* [SOURCE DATA]:
^^^^^^^^

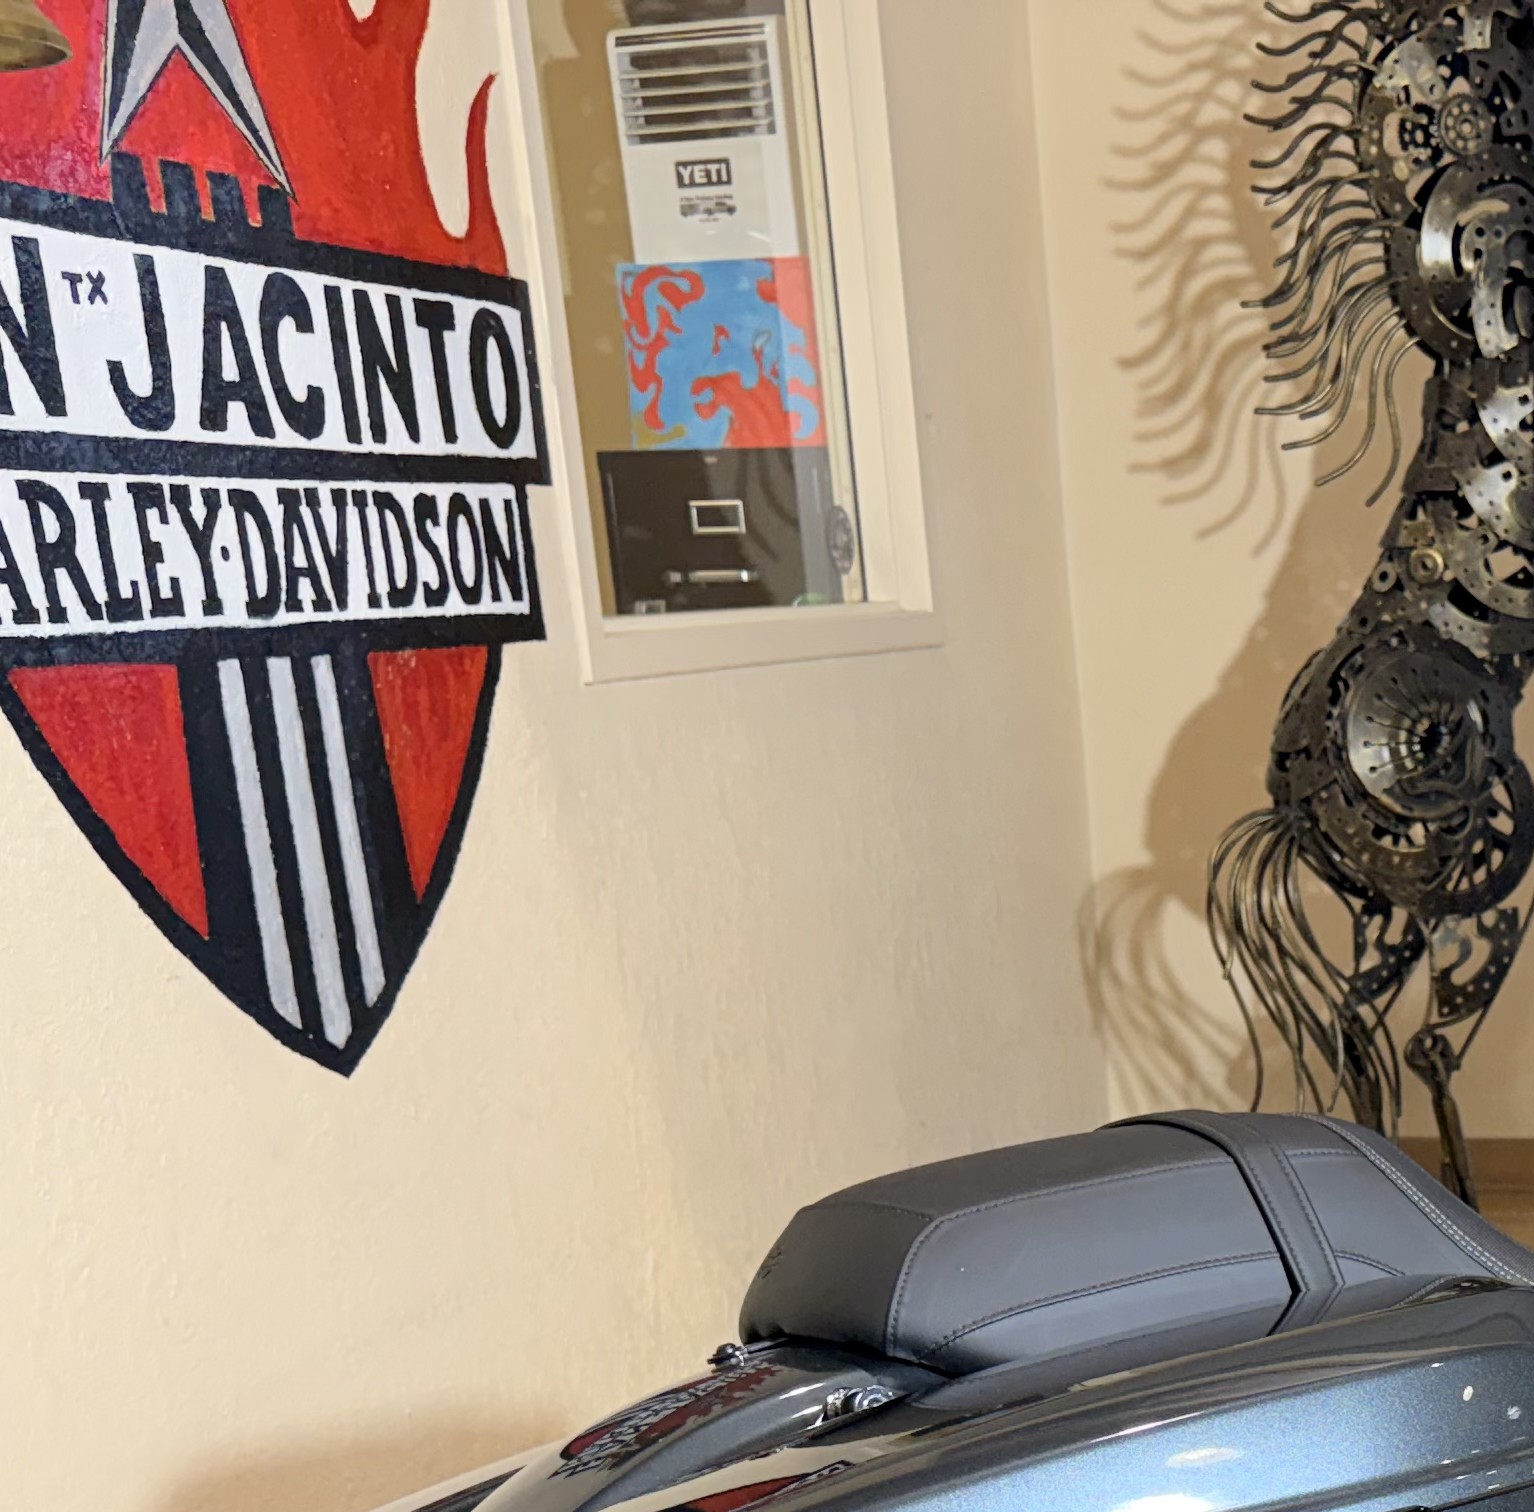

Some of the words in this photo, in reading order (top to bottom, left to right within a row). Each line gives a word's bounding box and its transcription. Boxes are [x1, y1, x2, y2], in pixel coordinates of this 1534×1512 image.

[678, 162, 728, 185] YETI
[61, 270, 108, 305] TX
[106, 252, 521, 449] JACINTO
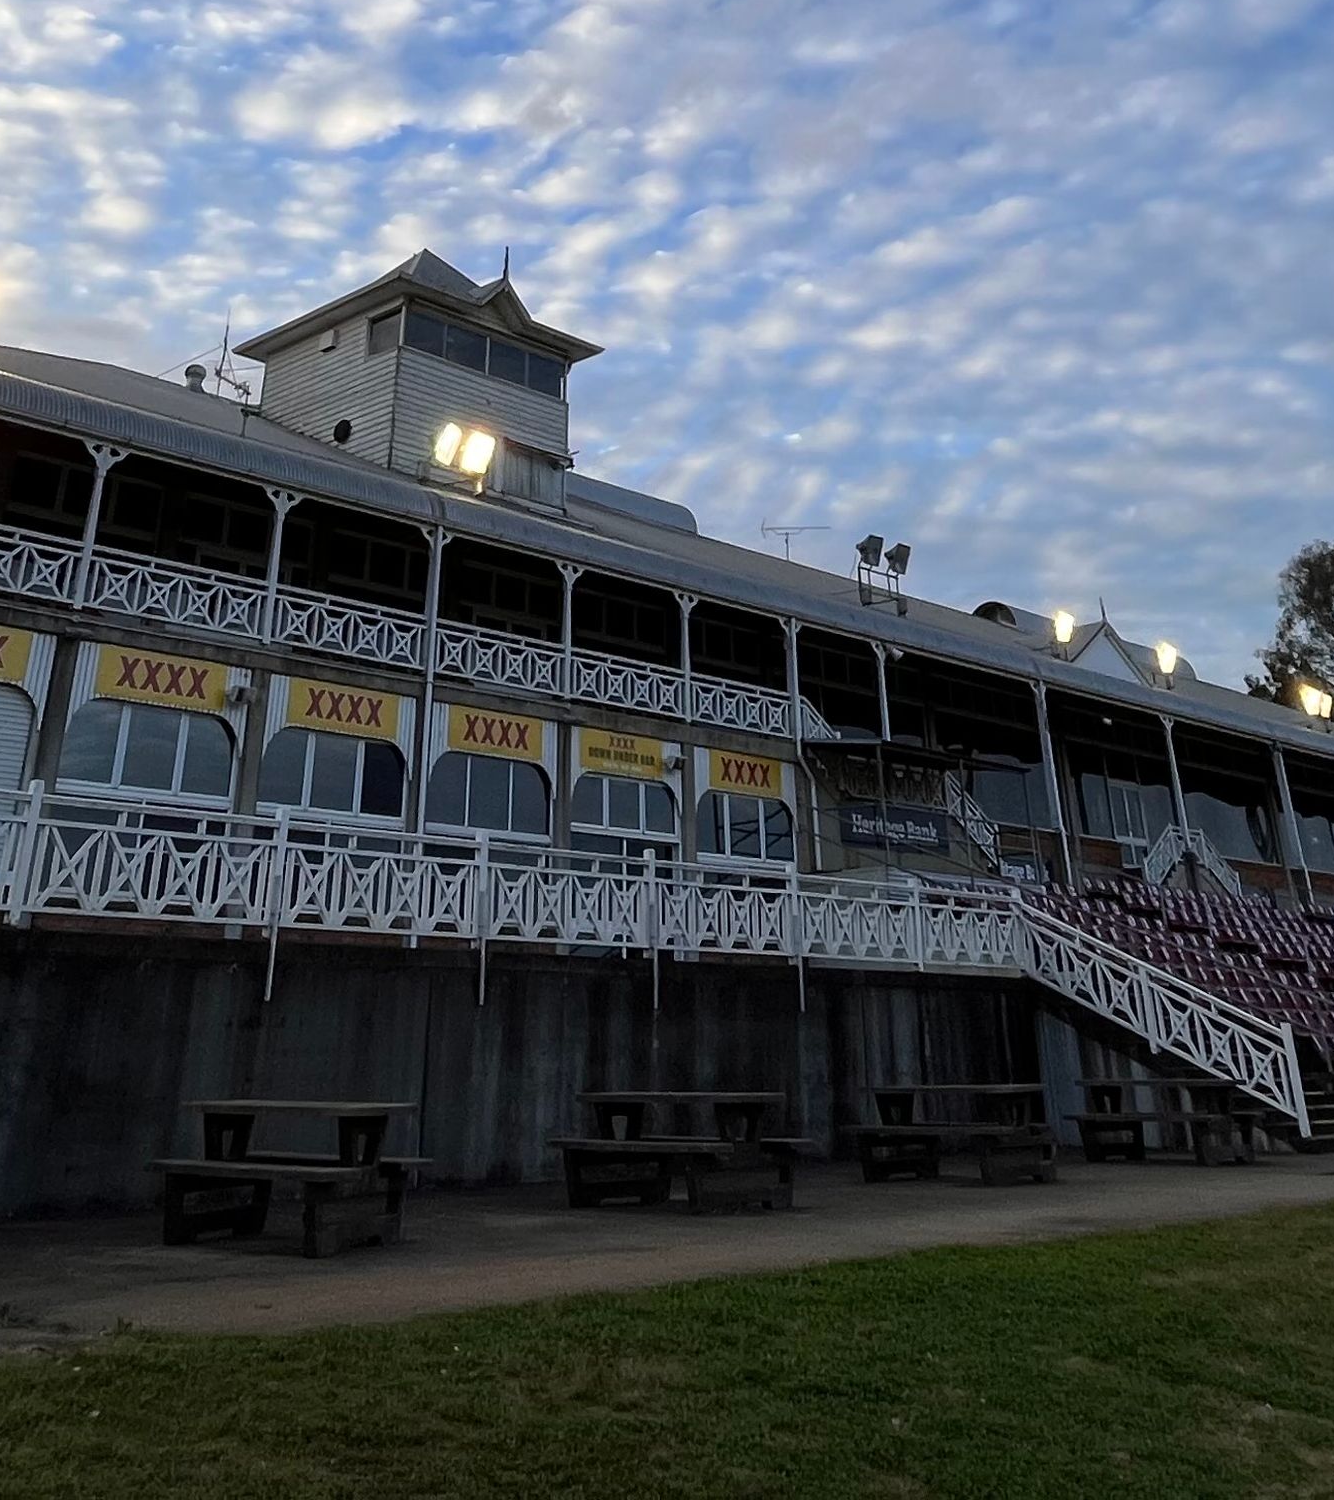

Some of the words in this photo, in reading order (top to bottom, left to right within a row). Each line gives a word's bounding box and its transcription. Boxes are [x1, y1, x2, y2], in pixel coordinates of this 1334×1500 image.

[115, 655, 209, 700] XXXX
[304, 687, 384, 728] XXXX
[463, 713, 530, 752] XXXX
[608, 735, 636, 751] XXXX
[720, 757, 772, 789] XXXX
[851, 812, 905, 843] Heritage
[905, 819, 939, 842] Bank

^^^^^^^^

* [WHAT TO DO]:
Leaving the images out, retype all the material above exactly.

* [WRITTEN ANSWER]:
Some of the words in this photo, in reading order (top to bottom, left to right within a row). Each line gives a word's bounding box and its transcription. Boxes are [x1, y1, x2, y2], in pixel coordinates of this 1534×1512 image.

[678, 162, 728, 185] YETI
[61, 270, 108, 305] TX
[106, 252, 521, 449] JACINTO

Some of the words in this photo, in reading order (top to bottom, left to right within a row). Each line gives a word's bounding box and its transcription. Boxes are [x1, y1, x2, y2], in pixel coordinates of this 1334×1500 image.

[115, 655, 209, 700] XXXX
[304, 687, 384, 728] XXXX
[463, 713, 530, 752] XXXX
[608, 735, 636, 751] XXXX
[720, 757, 772, 789] XXXX
[851, 812, 905, 843] Heritage
[905, 819, 939, 842] Bank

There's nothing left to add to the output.